She looked over at him but then she went back to it. She had her forearms resting over the top of the steering wheel, leaning forward. "She was under a blanket or bedspread or something. I was glad that she was with me again, even though so much time had gone by and she was older and I'd missed—you know—a time in her life."

"Guilt," Jerome said.

She gave him another look.

"Sorry."

"I said, 'Someone's knocking on the door and it's the middle of the night.' Her bed had a window right above it. We could look out and see down in the front yard, but we couldn't see the porch because the porch roof hid who was down there knocking. A couple of more times the knocking came, and we lay on the bed together, real low, watching out the window. Then the knocking stopped and we saw this young woman. She was dressed like—I don't know—like Florence Nightingale or something, that kind of era—the bonnet, you know?—and all in black? She was hurrying away, I mean walking real fast, through the shadows and stuff—where could she have been going?—so fast I almost couldn't see her in the dark, almost couldn't focus on her, but I saw that she was carrying these flowers and they were black. Black flowers."

Janet was quiet for a while. She stared up the road. Finally, Jerome said, "Guilt. And death."

She punched him on the leg good-naturedly, then opened her window and chucked the can, rolled the window back up, and opened another beer.

He looked up the highway, trying to think of a way to change the subject. "Why didn't you bring Barbara with you when you left the place?"

"I didn't know what in hell I was doing—I was just getting out." Janet ran her fingers through her hair, shook her head. "I don't know. Don't ask me that. I was nuts."

The road was narrow, the old kind. The grass grew right up to the edge. The land was fairly flat, so the road was straight. In his mind, Jerome sketched it, stick and ink, the very subtle contours of the retreating tree lines and pastures, the clusters of houses, the receding road in the flatness. He wrestled with the colors in his mind, trying to paint it. In this season, the values were close, tans and grays, blacks and browns. In art school he'd drawn and painted a lot of landscapes, efforts he had long ago ditched.

Janet cut back the heat. She reached up on the dashboard and found a picture, which she handed to him. It was a wrinkled-up Polaroid of a little blond girl next to a tire swing. "I need this little girl in my life." Now there were tears. "Any way," she said, wiping them, "Geneseo's an anarchist community, founded by libertarians. That was the name of the game in 1969 or whenever. The main guy's still there—Stephen Boyce."

Jerome was still looking at the picture.

"These communities, if you're wondering, aren't all drugs and free love like the CIA says. They often turn out to be more rigid than ordinary society or whatever. Believe that?"

Someone passed them in a van, honking. She stared into the cab as they went by. "Speed on, hell ain't half full." She toasted them with her beer. "Sometimes we'd get kids from Chicago or St. Louis, and they'd think they wanted to join. But they wouldn't work. We'd always split over what to do about it. One side believed that if these creeps wouldn't work they should be gone. And you had these other people over here who believed in the 'process' of anarchism. Very big idea. They believed the kids should be allowed to stay and that the process of community would convert them to work and the cooperative life."

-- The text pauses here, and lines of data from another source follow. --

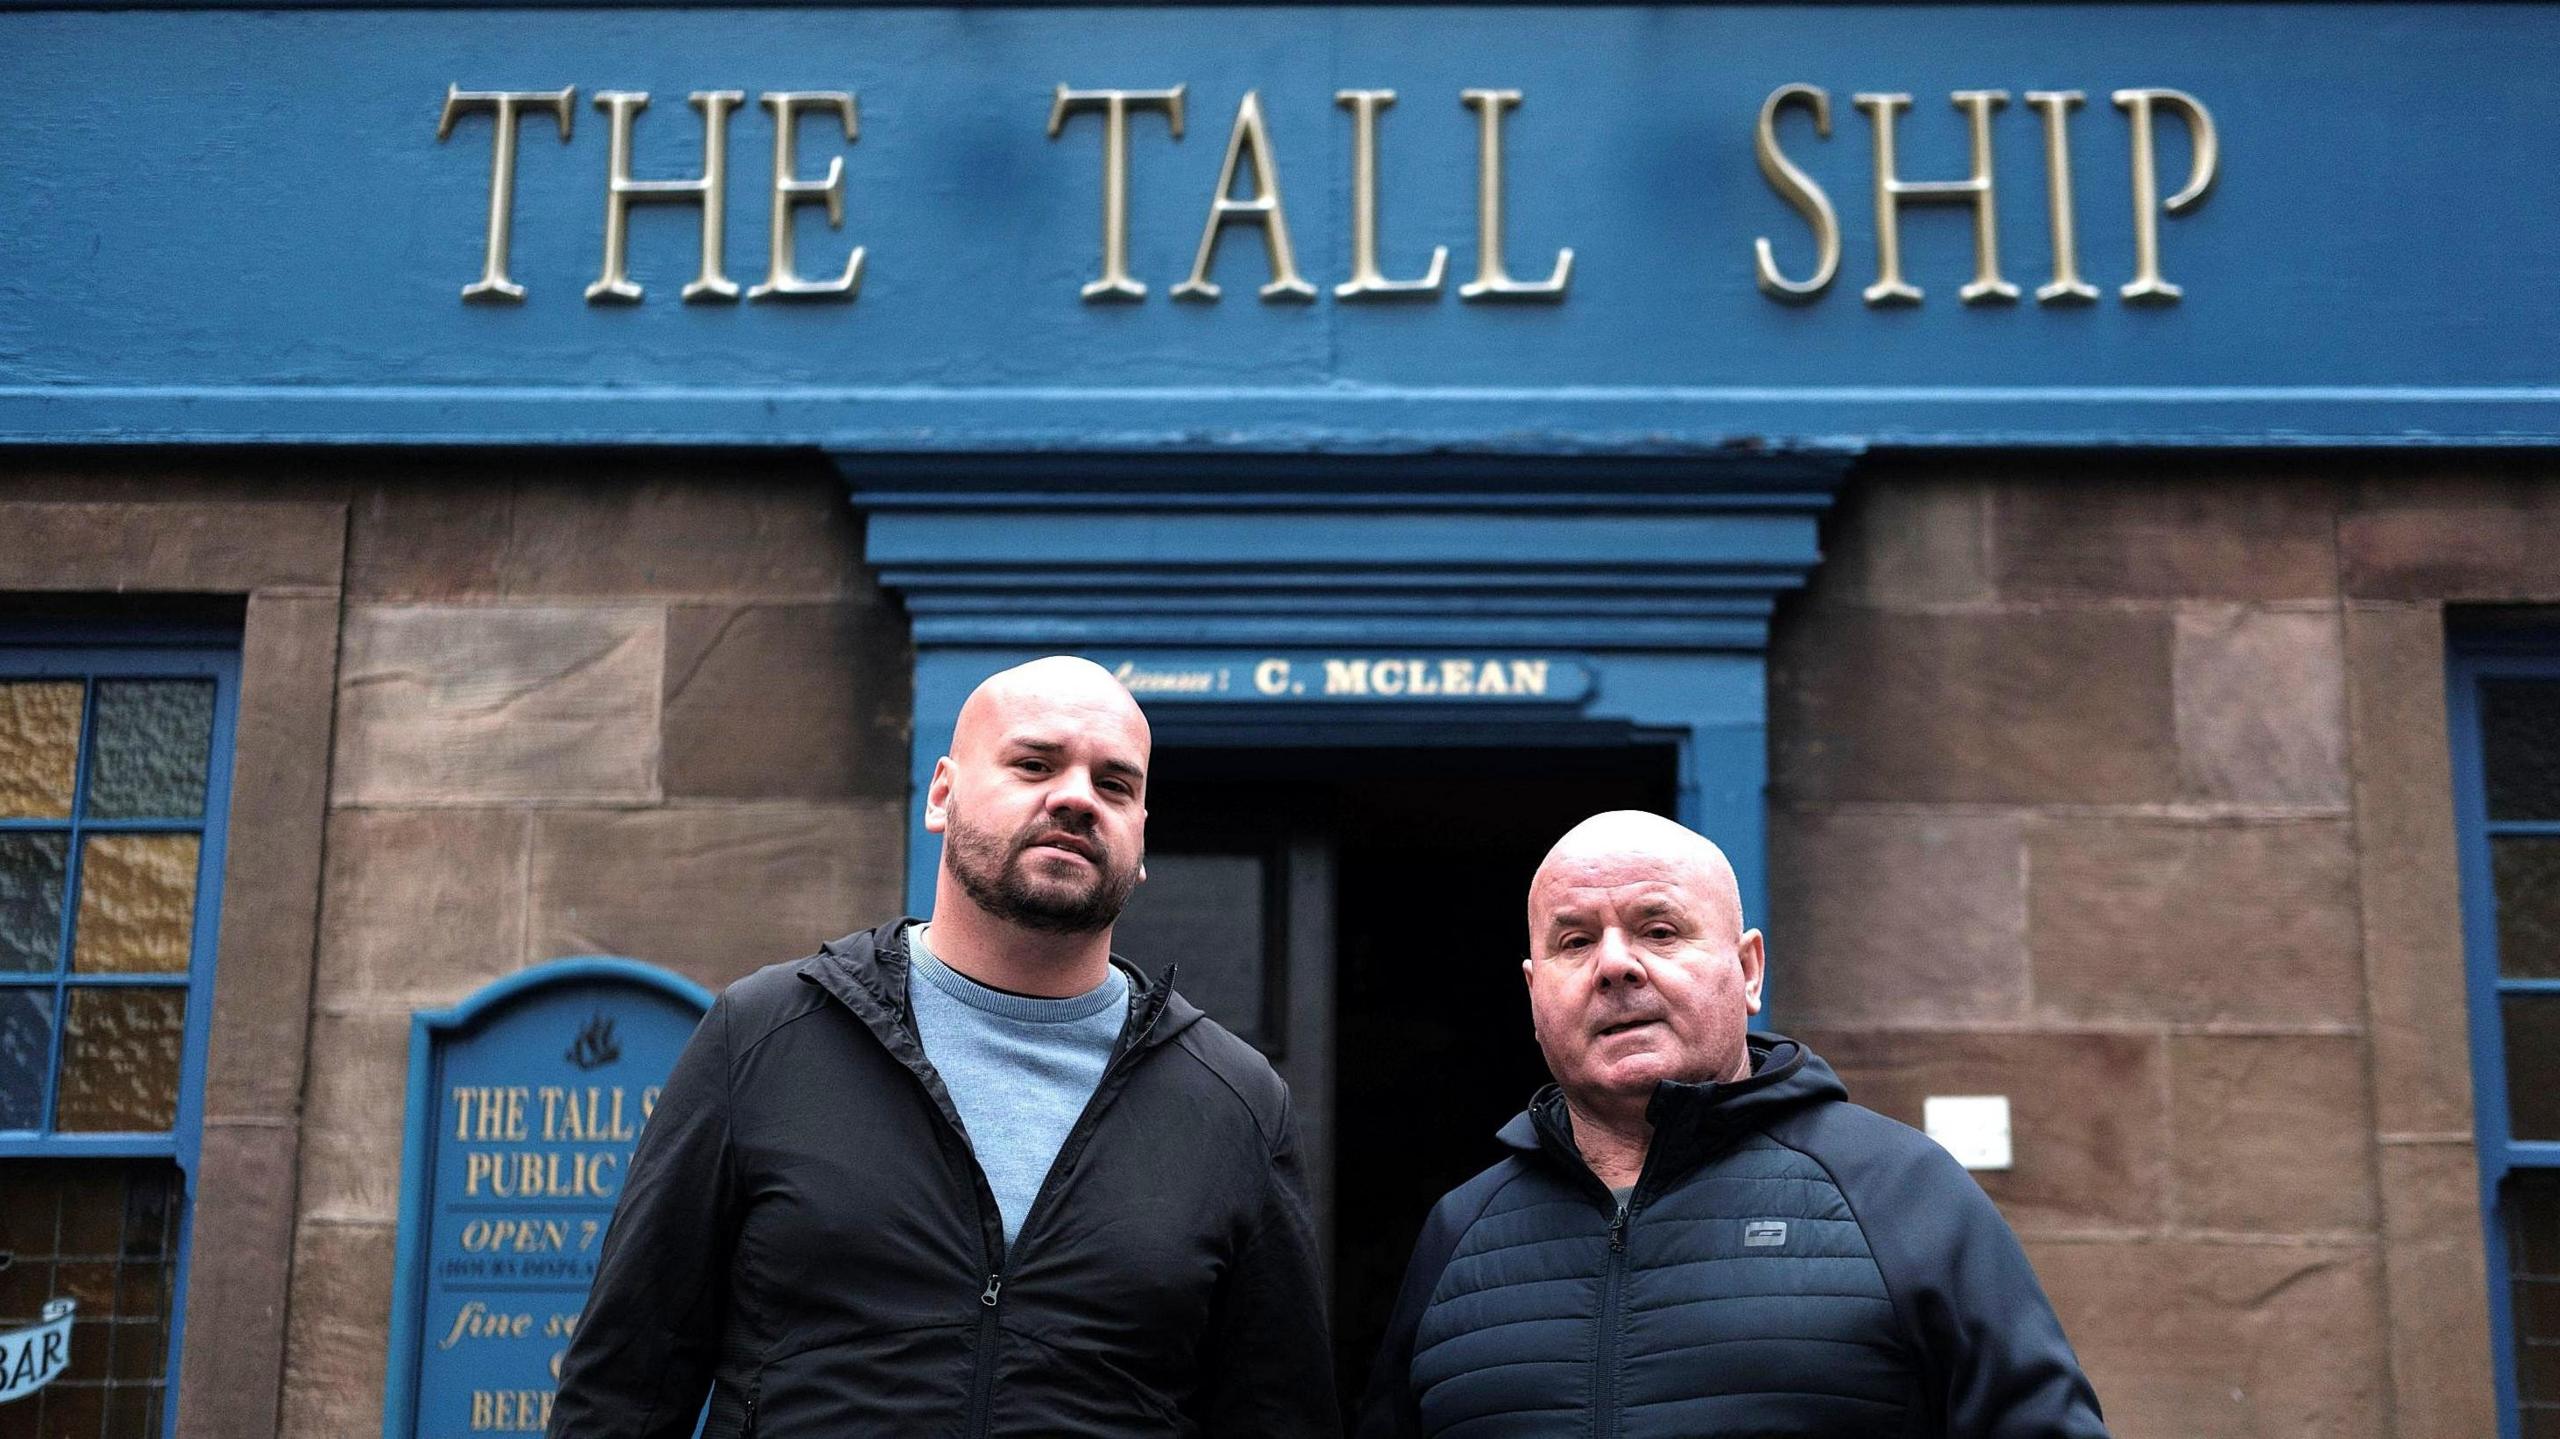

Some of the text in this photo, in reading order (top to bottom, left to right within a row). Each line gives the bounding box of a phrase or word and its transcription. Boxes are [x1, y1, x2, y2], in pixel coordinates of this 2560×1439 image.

[437, 82, 2218, 304] THE TALL SHIP
[1254, 660, 1305, 695] C.
[1324, 659, 1549, 695] MCLEAN
[453, 1086, 529, 1141] THE
[538, 1086, 634, 1142] TALL
[465, 1152, 617, 1198] PUBLIC
[461, 1218, 599, 1252] OPEN 7
[438, 1301, 533, 1349] fine

They went on up the road a while. They were coming into the west side of Champaign. Jerome said, "So tell me about Stephen Boyce."

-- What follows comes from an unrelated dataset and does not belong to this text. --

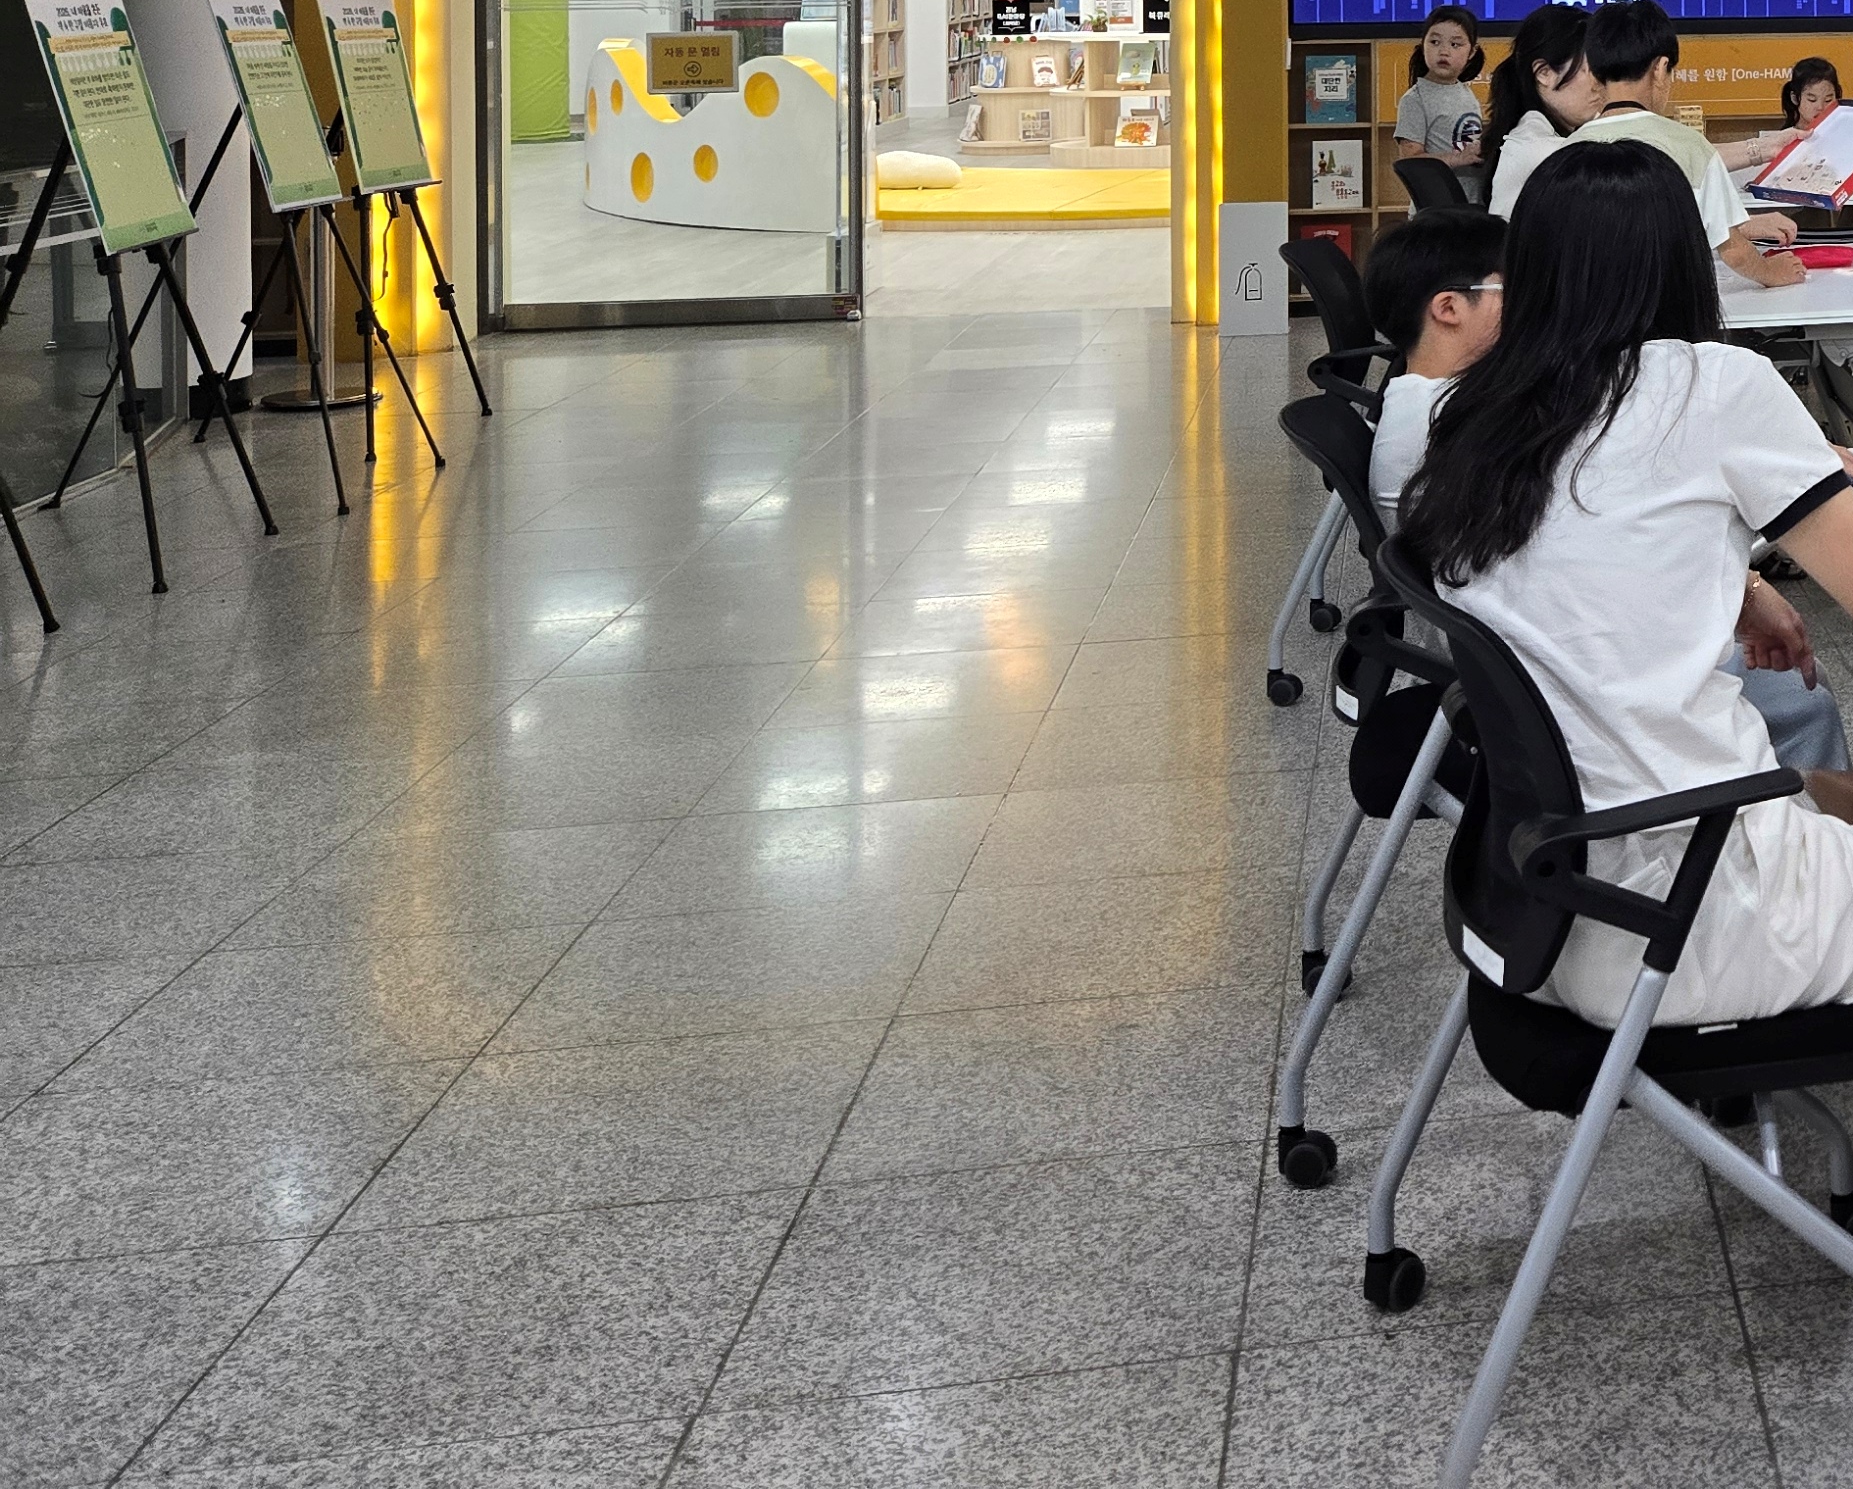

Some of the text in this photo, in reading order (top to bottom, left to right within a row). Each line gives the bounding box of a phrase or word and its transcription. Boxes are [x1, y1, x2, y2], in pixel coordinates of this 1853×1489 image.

[664, 46, 720, 58] 자동 문 열림
[1703, 67, 1728, 83] 원함

"He's like . . . the main person."

They shot under a sign for Interstate 74, and Jerome pointed her onto the cloverleaf. The van ahead of them was gone. Janet rolled down her window and chucked the can.

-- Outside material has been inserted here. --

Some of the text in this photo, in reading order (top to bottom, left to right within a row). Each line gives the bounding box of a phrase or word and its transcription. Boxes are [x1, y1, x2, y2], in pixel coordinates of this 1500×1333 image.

"As he gets older, he settles down more and more. He's a father figure there now. Beard's getting gray, that sort of thing." She smiled. "He's a literature buff, however, and big on Kafka, so anything can happen. He makes money for us by giving speeches about community and communes and stuff."

They were passing an enormous salvage yard with piles of old cars.

"I have a friend there named Clay City. Forgot her real name. May seem odd to you, but she's just Clay City to me, plain as day. She runs the school. Has a son there about Barbara's age. She and I were tight—she used to be a teacher, in the world."

Jerome put the picture of Barbara back on the dashboard. "A very pretty little girl," he said. He reached to cut the heat, discovered she'd already done it, and cracked his window. He heard her pop another Stroh's.

"She had been a teacher—out in Kansas somewhere. A terrible thing happened to her."

"Isn't that usually the deal? Something terrible has happened, so people join a commune?"

"You're so smart," she said, raising her can in a toast, smiling at him. "You're going to learn so much."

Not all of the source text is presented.